The head of a watchdog group that monitors the federal budget is defending his organization's use of a controversial television commercial that offers a chilling view of the future of the United States and its relationship with China.
Tom Schatz, president of Citizens Against Government Waste, and Keith Boykin, a political pundit and editor of a news website, squared off on CNBC Monday over whether the ad represents partisan politics.
“It’s clearly a partisan ad, and I think it’s aimed a few days before the election at Democrats, who are running for re-election in the midterms,” said Keith Boykin, a progressive activist, editor of the Daily Voice and a former special assistant to President Bill Clinton.
“So whether or not you agree with the debt issue, this is clearly a partisan,” Boykin added.
Citizens Against Government Waste (CAGW) produced the commercial, which is running on several networks.
Boykin called CAGW a conservative group that gets some of its funding from the tobacco industry and Exxon Mobil .

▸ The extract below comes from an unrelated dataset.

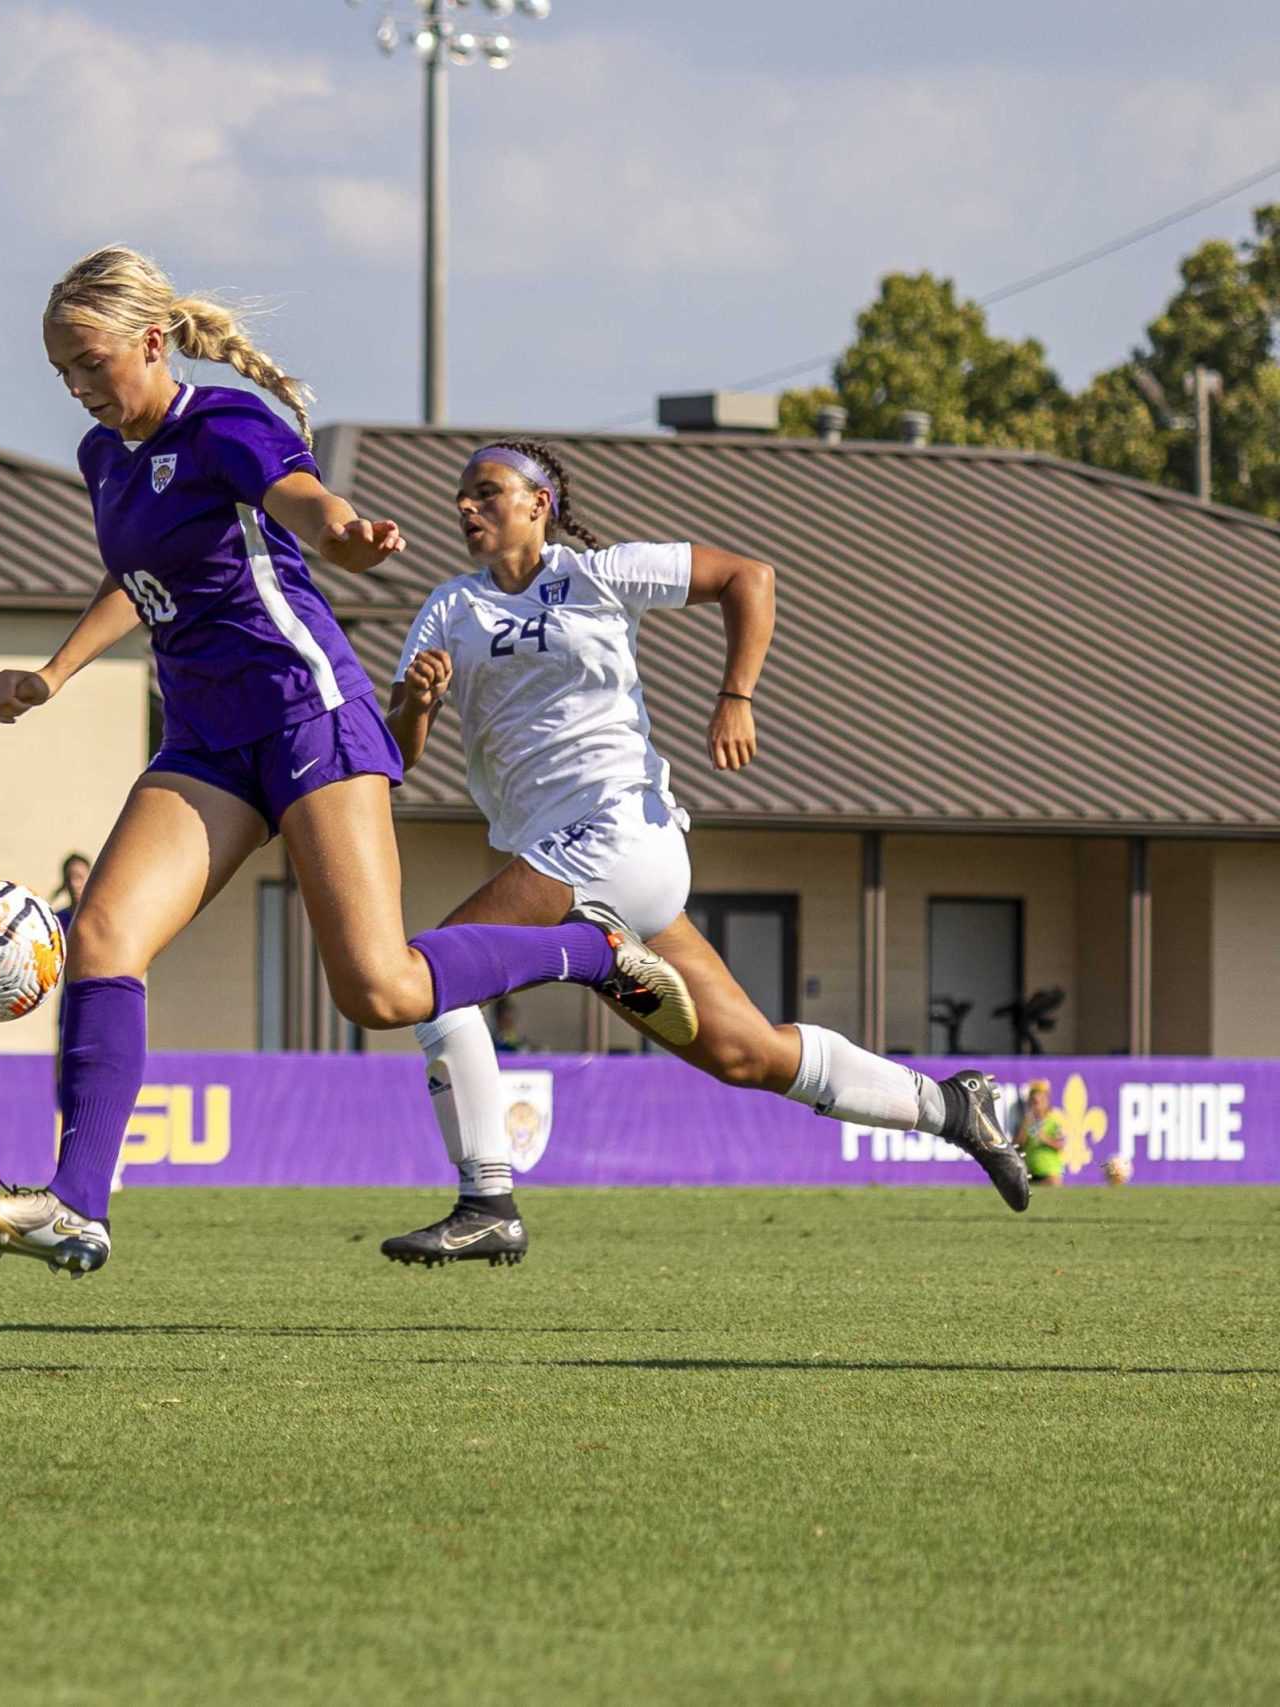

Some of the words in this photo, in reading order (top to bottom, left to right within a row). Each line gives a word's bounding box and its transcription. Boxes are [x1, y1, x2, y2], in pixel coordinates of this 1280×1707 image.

[490, 611, 549, 657] 24
[54, 1083, 232, 1165] SU
[1120, 1083, 1246, 1161] PRIDE

In the ad, a mature Chinese speaker tells a young Chinese audience that the US, with its policies to tax, spend, bail out private companies and underwrite health care is going the way of other great civilizations that have declined, including the Roman and the British.
It ends with the speaker saying of the US, “Of course, we owned most of their debt, and now they work for us.” The audience laughs.
“This is not a partisan ad,” said Tom Schatz, CAGW president.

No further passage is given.